Chapter 19: Field Trip
Why does O’Brien return to the shit field?
What is the point of putting Kiowa’s moccasins in the ground (burying them)?
Explain the significance of the final sentence. Who or what is “all finished”?
- He returns to shit field in order to find peace and comfort, and with a possibility of being able to move on from the tragedy. “My best friend. My pride. My belief in myself as a man of some small dignity and courage. Still, it was hard to find any real emotion. It simply wasn't there. After that long night in the rain, I'd seemed to grow cold inside, all the illusions gone, all the old ambitions and hopes for myself sucked away into the mud. Over the years, that coldness had never entirely disappeared” (O’Brien)
What is the point of putting Kiowa’s moccasins in the ground (burying them)?
- The point was to allow himself to physically put to rest that last strand that had him holding on to the trama. After 20 years, he was ready to let go of the guilt.
Explain the significance of the final sentence. Who or what is “all finished”?

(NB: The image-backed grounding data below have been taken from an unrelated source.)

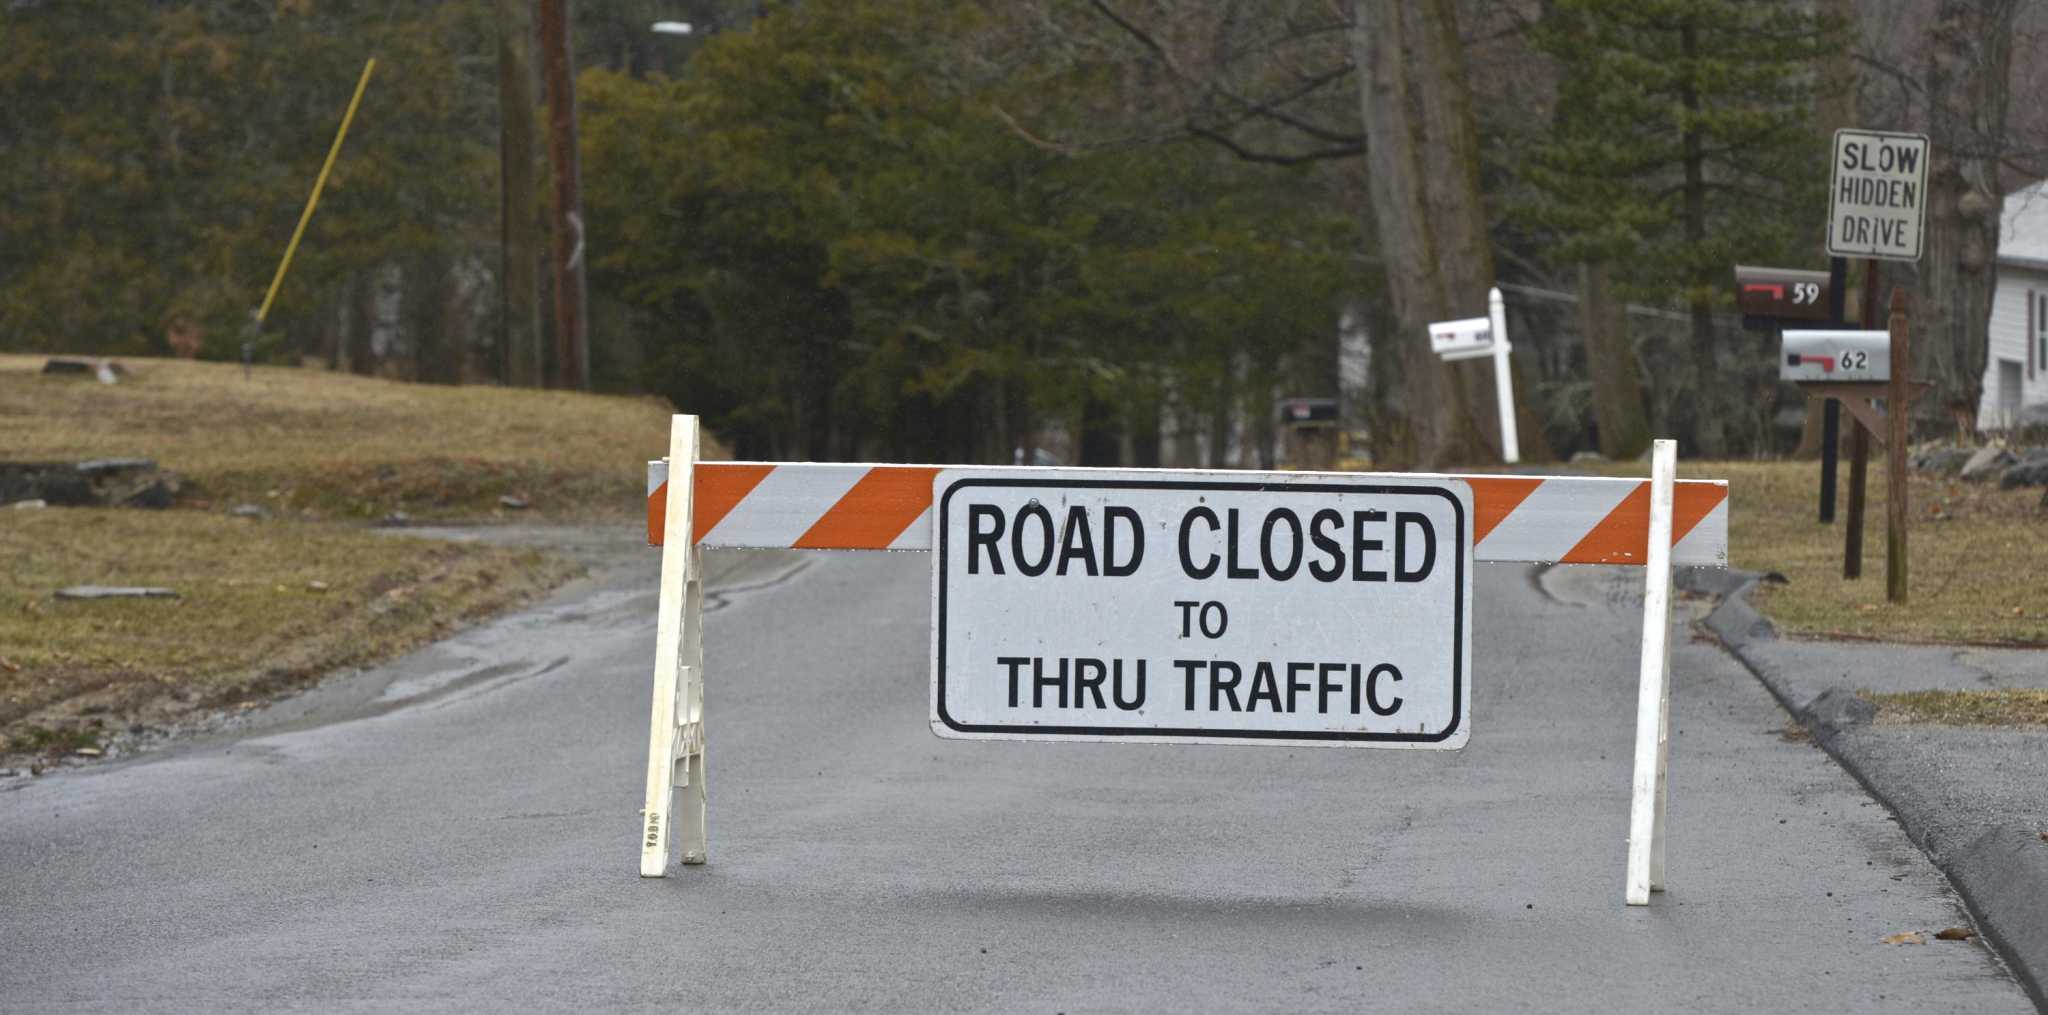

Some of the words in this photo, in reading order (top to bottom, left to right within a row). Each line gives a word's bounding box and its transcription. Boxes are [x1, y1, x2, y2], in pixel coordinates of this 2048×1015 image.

[1843, 143, 1919, 174] SLOW
[1840, 176, 1916, 208] HIDDEN
[1842, 215, 1908, 247] DRIVE
[1793, 283, 1819, 304] 59
[1841, 351, 1867, 369] 62
[968, 503, 1145, 577] ROAD
[1178, 506, 1437, 583] CLOSED
[1174, 600, 1228, 639] TO
[997, 656, 1147, 710] THRU
[1174, 659, 1404, 717] TRAFFIC

- All of the anger and guilt that was built up over the accumulation of the war was now coming to a close, as he was finally ready to let go. To let go of all the pain that was felt and the death that was seen, he was ready for a life that didn’t constantly remind him of those events.
Reflection:
This chapter was a lot of letting go. Letting go of the past and beginning to focus on the future. To leave the tragic events in the past, for there is nothing he could do now. This was a powerful chapter because of this feeling of accumulated mixed feelings he described in his stories. It was hard to let go of something that one would constantly think about. Especially if that thing was multiple deaths from war. O’Brien made the stories along the way grab the audience for when this chapter and this time to let go was inputted, the readers could feel what he felt. The release of tension and the release of so much emotion, like a weight lifted.